I think Abigail Adams suffered from the fact that I had recently read David McCullough’s biography of John Adams, and Woody Holton’s book covers a lot of the same ground. This fact made me ponder a bit about how much a woman’s history is often treated as an echo of her famous husband’s. I am sure that not as much information is available about Abigail as there is about John, especially before they married, but I felt like these two books didn’t need to cover so much of the same territory.
The picture that emerges of Abigail Adams is of a well-meaning but bossy woman of strong views. Her feistiness had two sides. I know that people are captivated by the thought that she spoke her mind during a time when many women didn’t and behaved as if she had rights that she did not, but I had the distinct impression that on numerous occasions she would have driven a lot of people crazy, particularly in her attempts to manage her relatives. When, for example, Abigail interfered in John Quincy’s posting to Russia, he must have been very patient, or very angry.
On the other hand, Holton shows that Abigail was an expert manager of the couple’s property and fortune, actually more astute than John. She took upon herself rights that were not hers legally, from principle, and she stood up for what she believed.
I am not sure I understand the expectation at the time, but I was also struck by the fact that she made very little effort to move into or even visit the White House. I know that it was only partially built at the time and was more like a rustic men’s boarding house than the building we know today, but it seemed that John Adams spent a lot more time without his wife than was necessary, as Abigail also did not accompany him on all of his diplomatic trips. Perhaps this arrangement suited the two of them, but I had the impression that it suited her much more than it did him.

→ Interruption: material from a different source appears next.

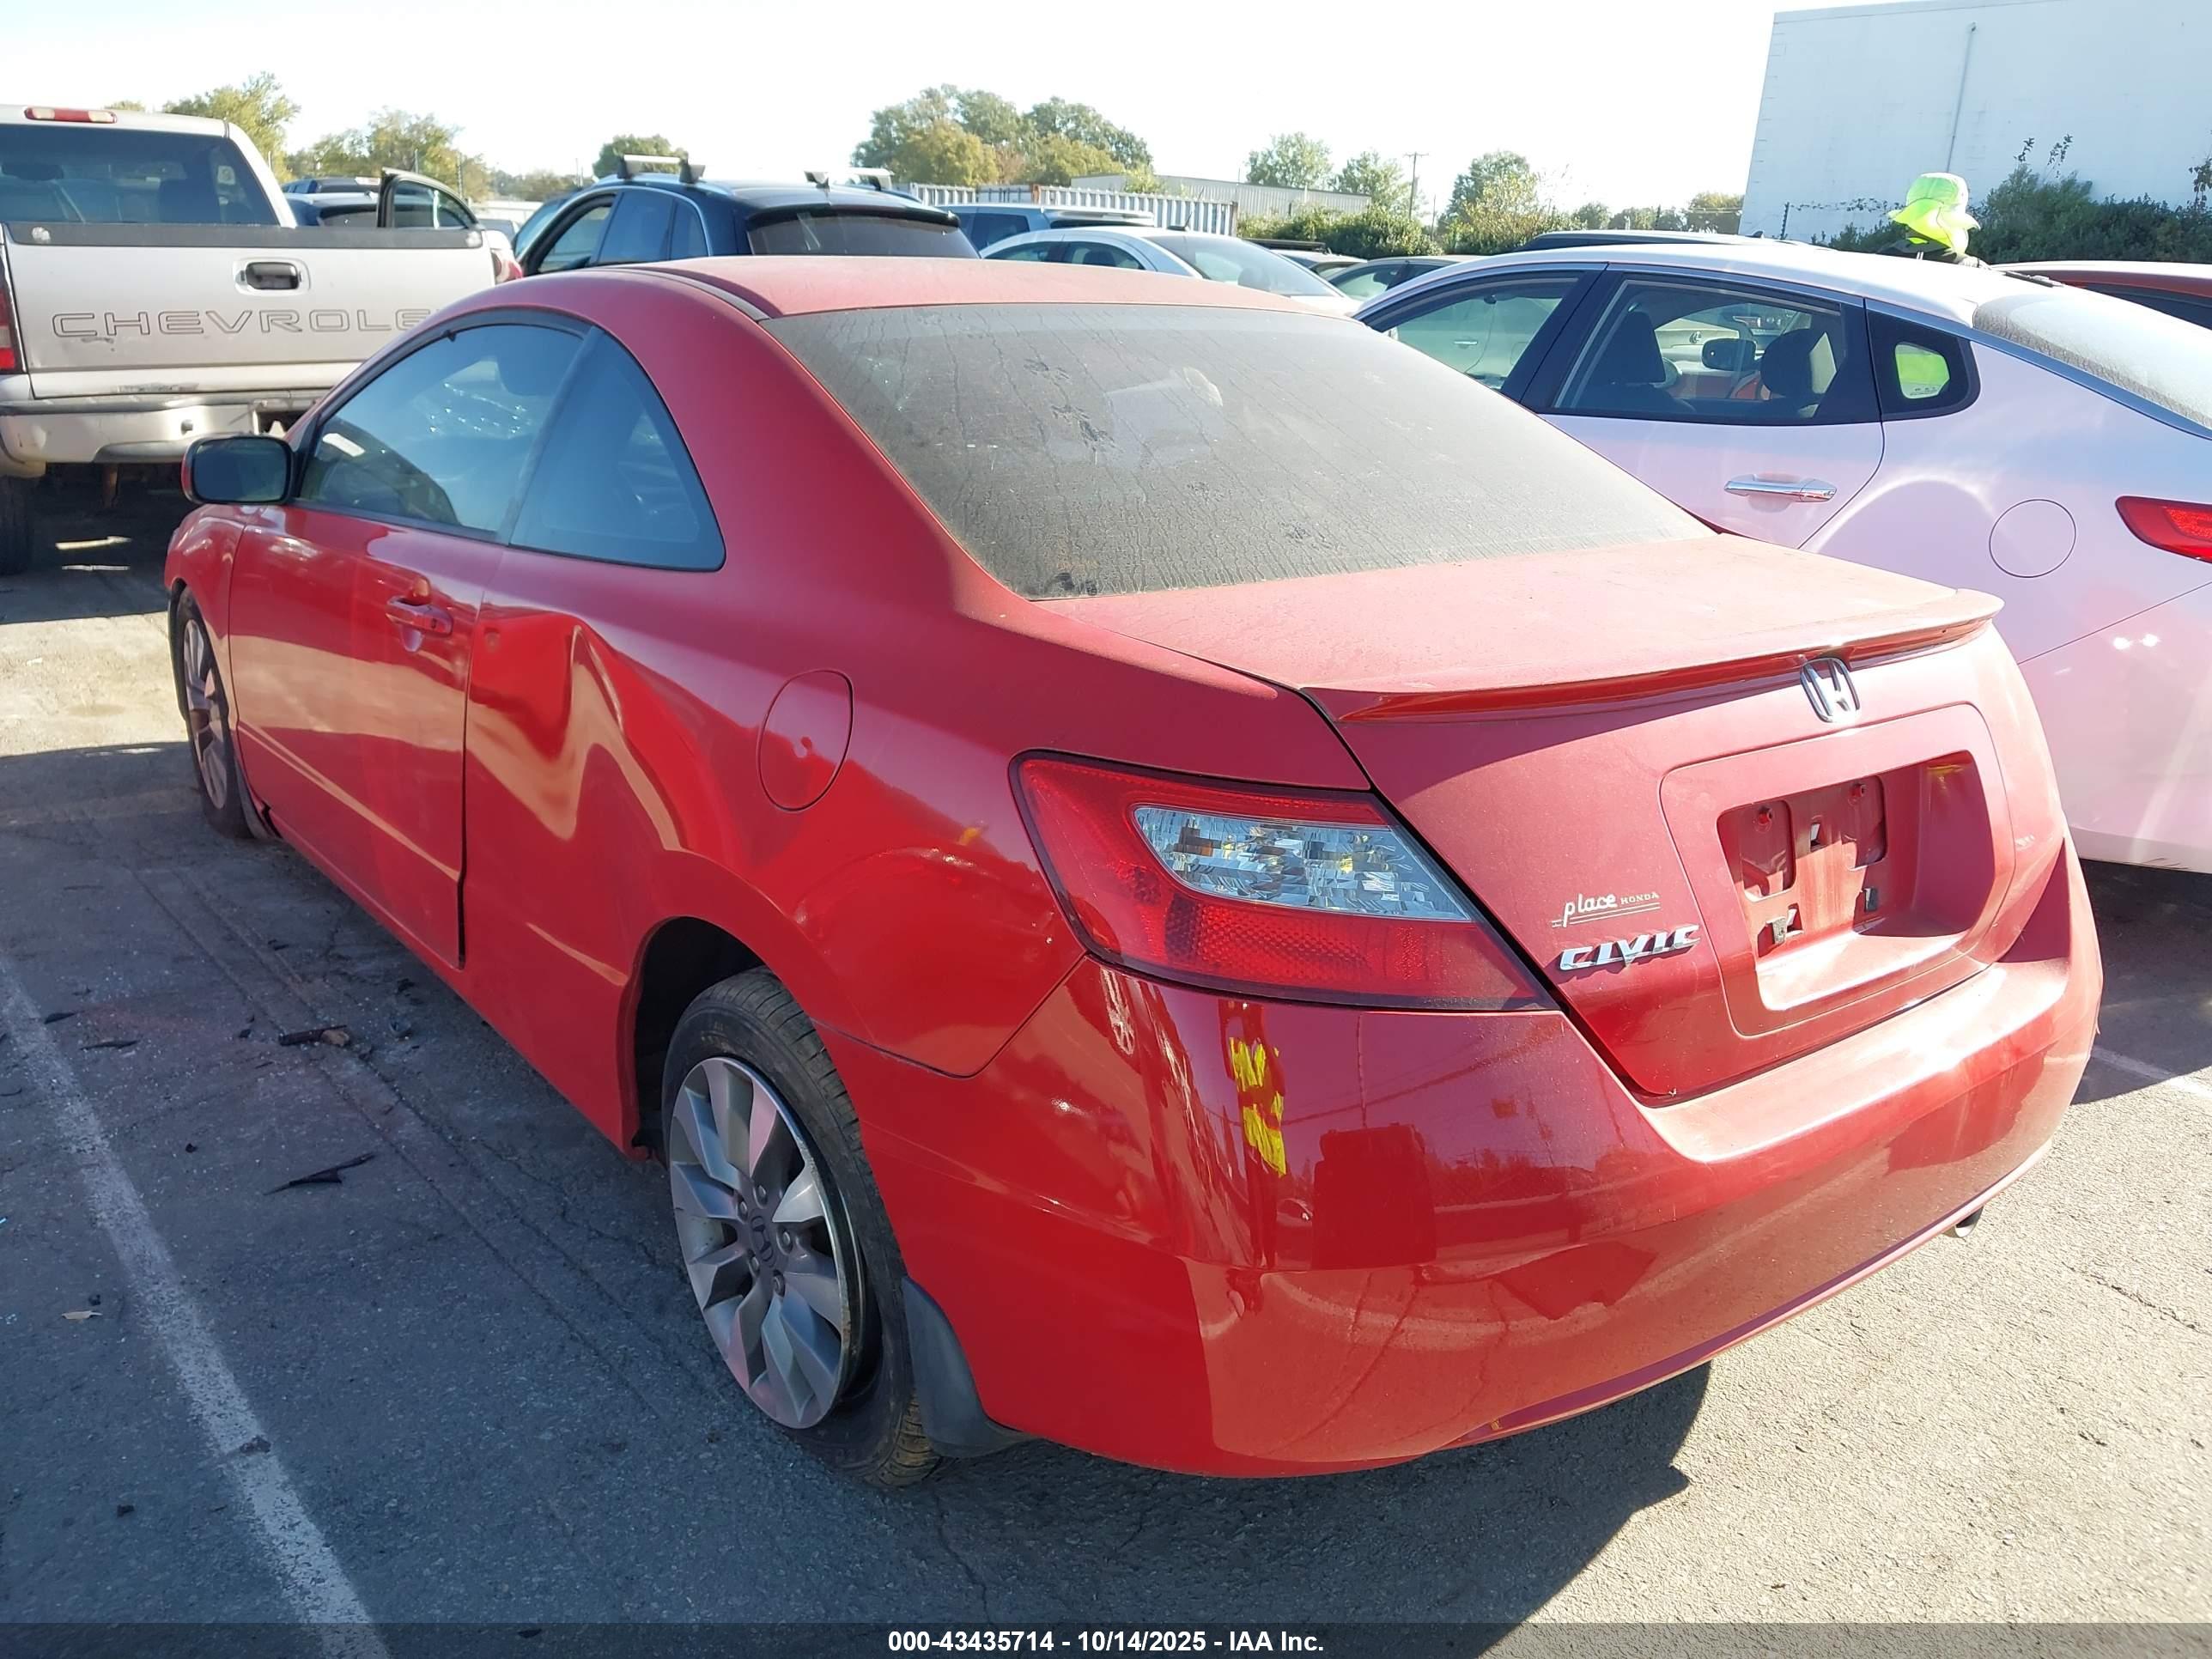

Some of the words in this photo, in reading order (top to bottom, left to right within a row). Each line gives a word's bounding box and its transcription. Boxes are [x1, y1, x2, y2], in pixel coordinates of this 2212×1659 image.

These comments are not a criticism of the biography as such, but here is one. Like many biographers do, I feel that Holton occasionally draws conclusions and makes generalizations based on too little evidence. Perhaps he is trying to avoid the problem of scholarly presentations that provide too much evidence to keep the material interesting, but if so, he goes too far the other way at times. I found myself thinking several times that he had not proven his point of view. At other times, he buries his themes in too much biographical detail. I think he was having difficulty keeping that vital balance between too much information and too little. However, Holton does usually manage to preserve a tone that is light and interesting, and Abigail Adams is certainly a compelling figure in history.